# What the exercise asks
Word for word, output the data, with none of its pictures.

# Data to process

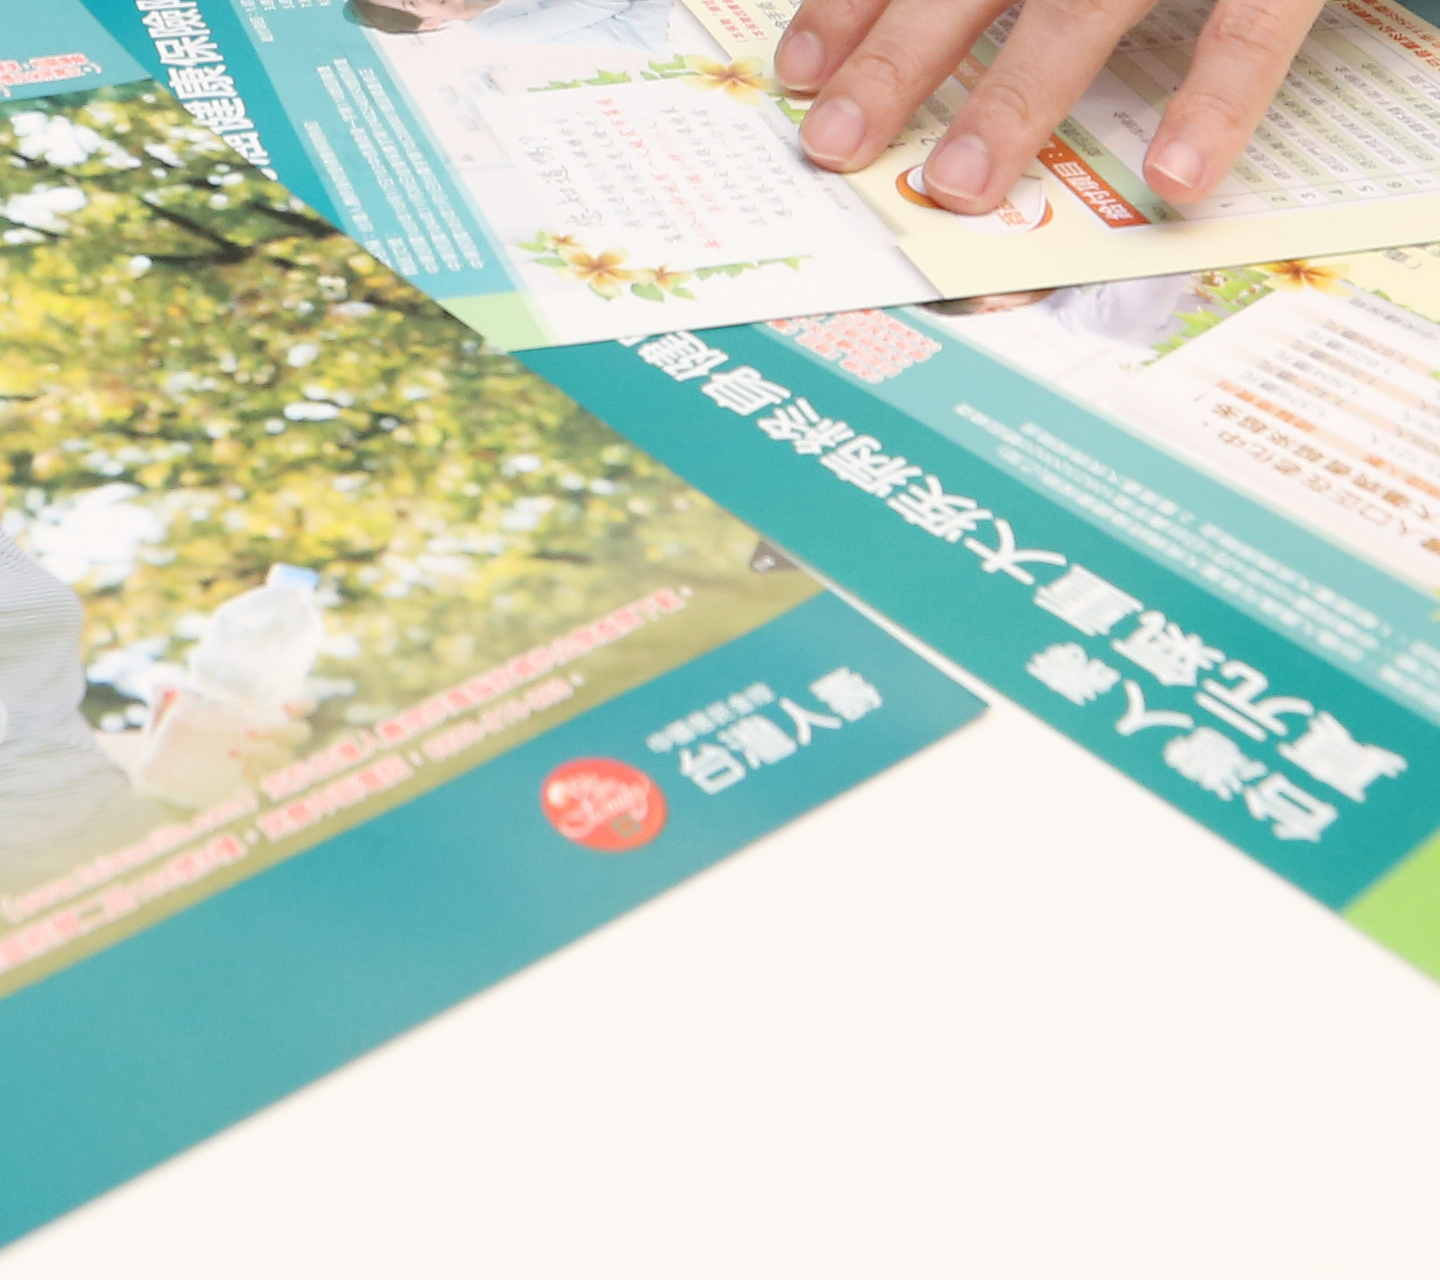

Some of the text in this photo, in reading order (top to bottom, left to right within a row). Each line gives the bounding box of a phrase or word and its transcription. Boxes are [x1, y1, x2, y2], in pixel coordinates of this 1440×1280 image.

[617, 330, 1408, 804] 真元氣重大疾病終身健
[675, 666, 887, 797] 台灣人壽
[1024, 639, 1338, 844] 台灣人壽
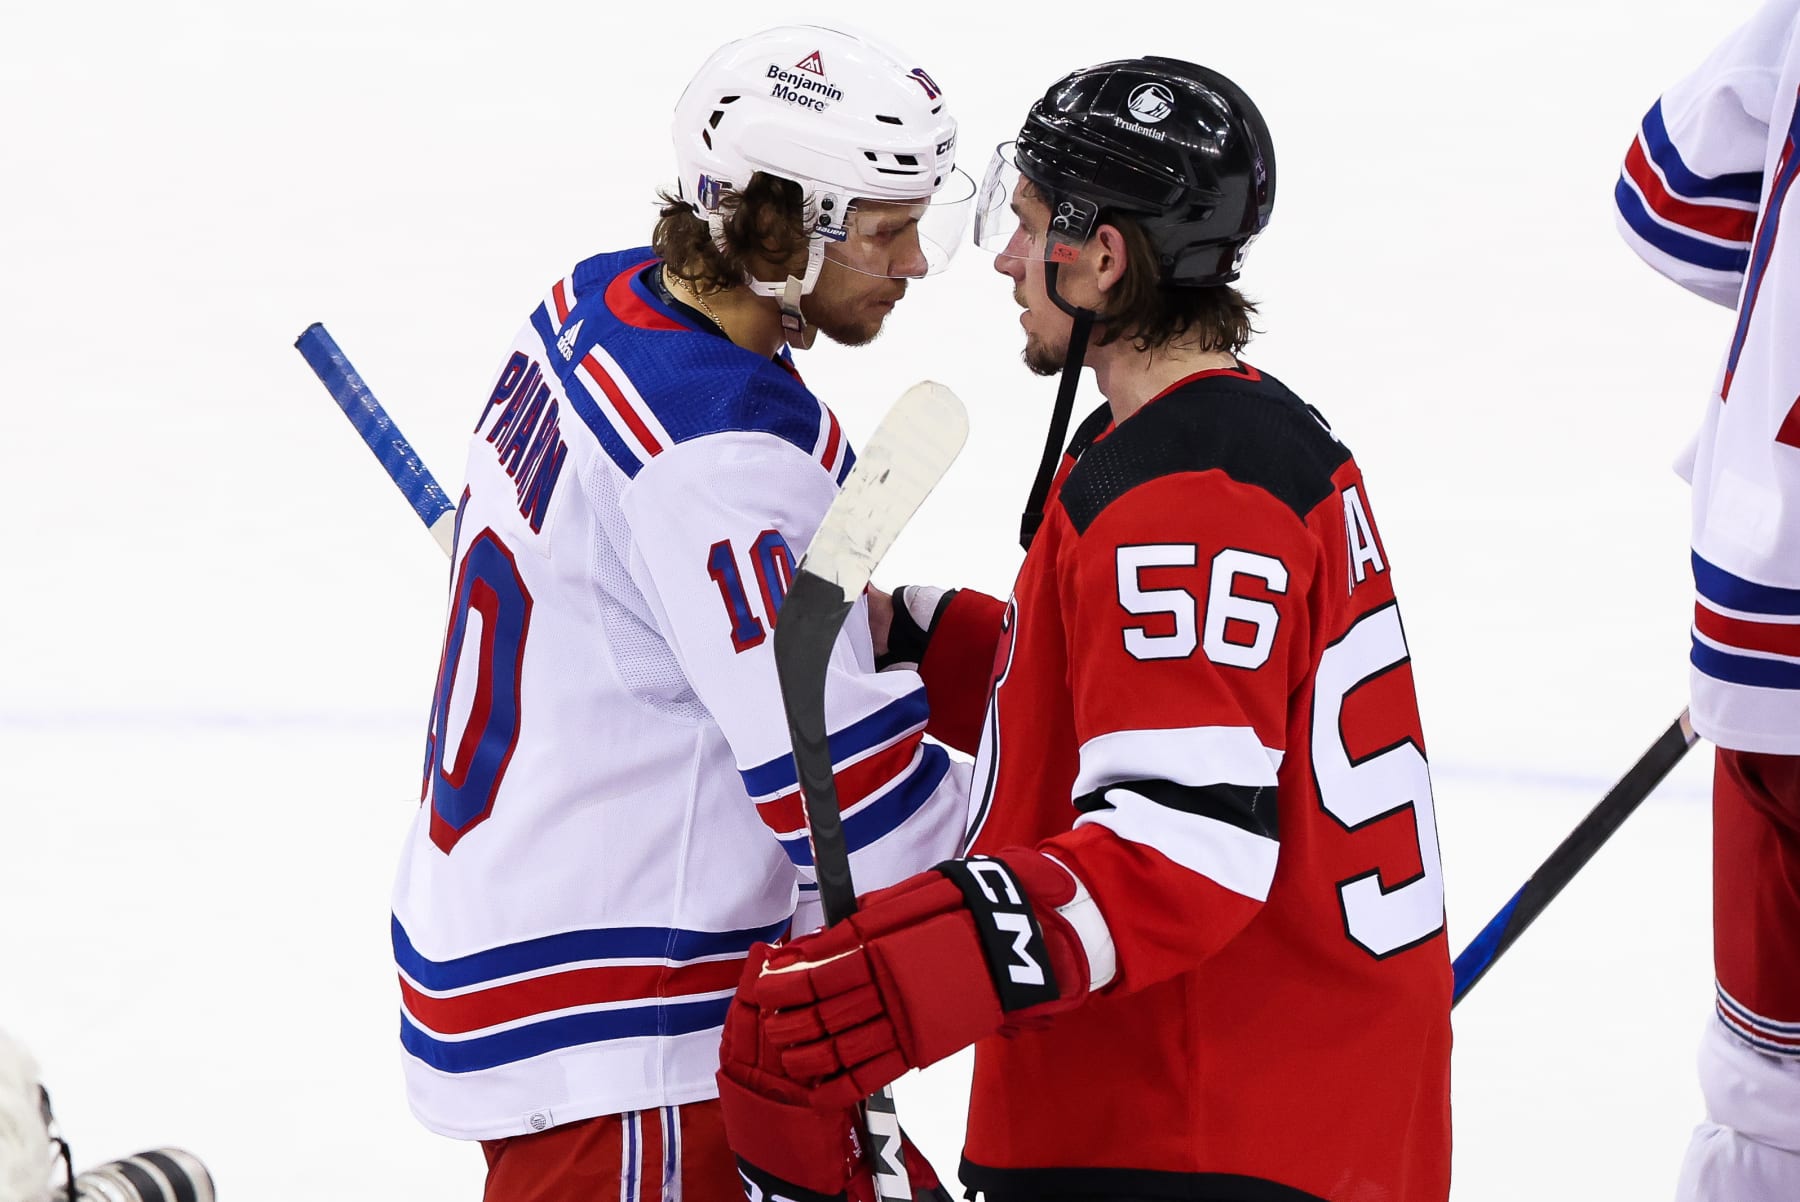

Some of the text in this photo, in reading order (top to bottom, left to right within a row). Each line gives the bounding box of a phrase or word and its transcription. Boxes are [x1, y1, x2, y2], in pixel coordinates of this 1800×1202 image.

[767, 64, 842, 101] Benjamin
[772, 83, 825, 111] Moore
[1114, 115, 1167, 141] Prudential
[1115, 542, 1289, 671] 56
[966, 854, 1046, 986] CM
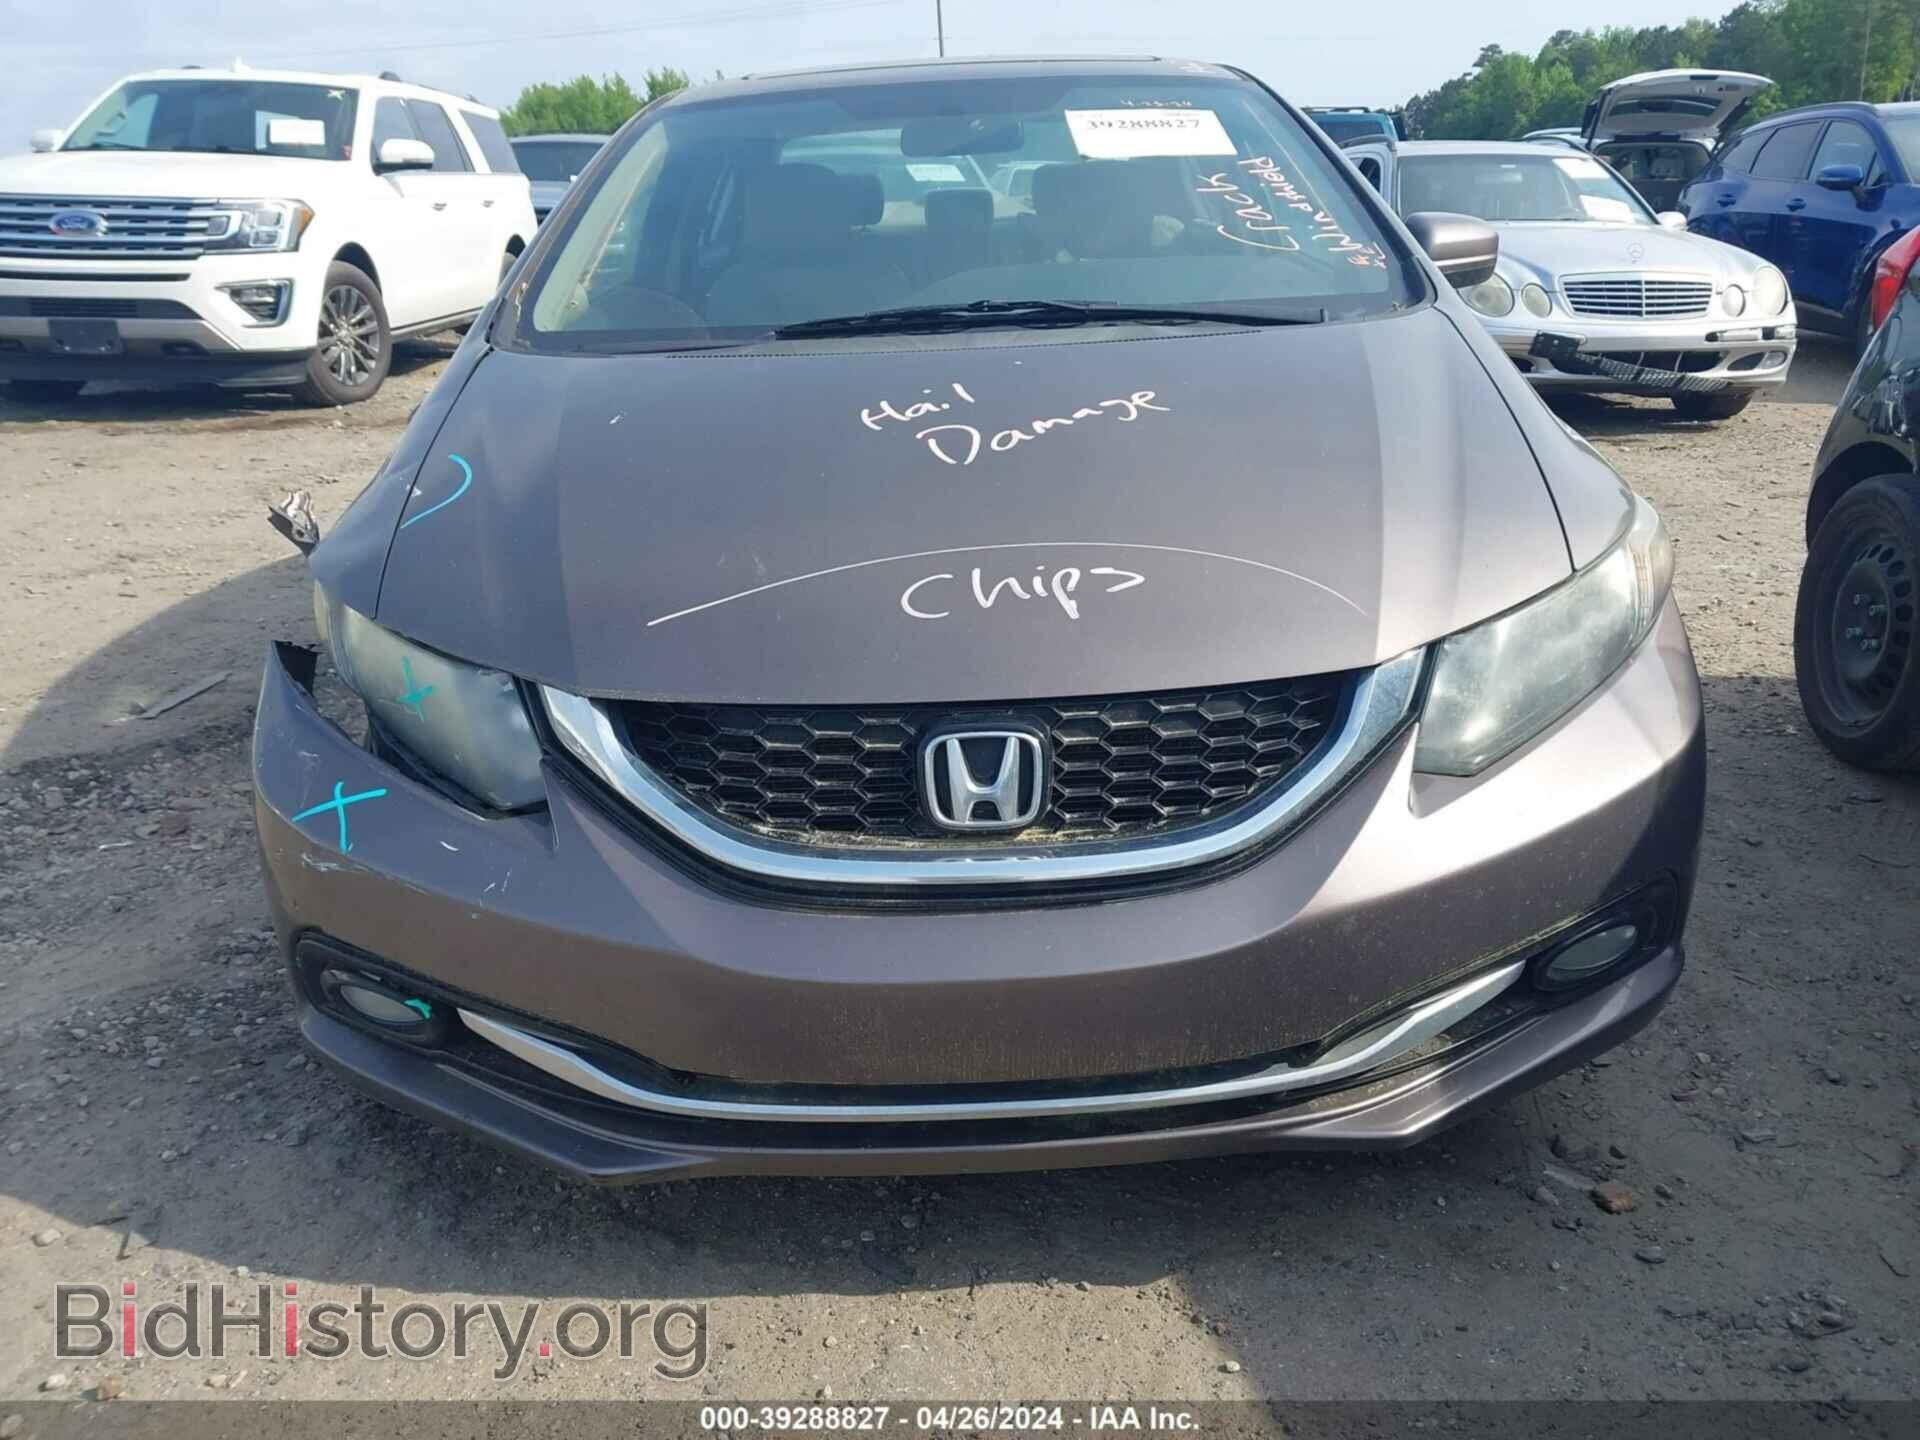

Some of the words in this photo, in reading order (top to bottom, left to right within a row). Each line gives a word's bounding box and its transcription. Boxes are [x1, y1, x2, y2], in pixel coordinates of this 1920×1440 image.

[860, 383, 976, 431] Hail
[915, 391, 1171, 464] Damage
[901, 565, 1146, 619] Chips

# Your solution
Some of the text in this photo, in reading order (top to bottom, left to right within a row). Each line gives the bounding box of a phrase or word and its transcription. Boxes are [x1, y1, x2, y2], in pixel coordinates of this 1440×1280 image.

[617, 330, 1408, 804] 真元氣重大疾病終身健
[675, 666, 887, 797] 台灣人壽
[1024, 639, 1338, 844] 台灣人壽

Some of the text in this photo, in reading order (top to bottom, left to right within a row). Each line gives the bounding box of a phrase or word and its transcription. Boxes are [x1, y1, x2, y2], in pixel coordinates of this 1800×1202 image.

[767, 64, 842, 101] Benjamin
[772, 83, 825, 111] Moore
[1114, 115, 1167, 141] Prudential
[1115, 542, 1289, 671] 56
[966, 854, 1046, 986] CM

Some of the words in this photo, in reading order (top to bottom, left to right within a row). Each line gives a word's bounding box and its transcription. Boxes are [x1, y1, x2, y2], in pixel coordinates of this 1920×1440 image.

[860, 383, 976, 431] Hail
[915, 391, 1171, 464] Damage
[901, 565, 1146, 619] Chips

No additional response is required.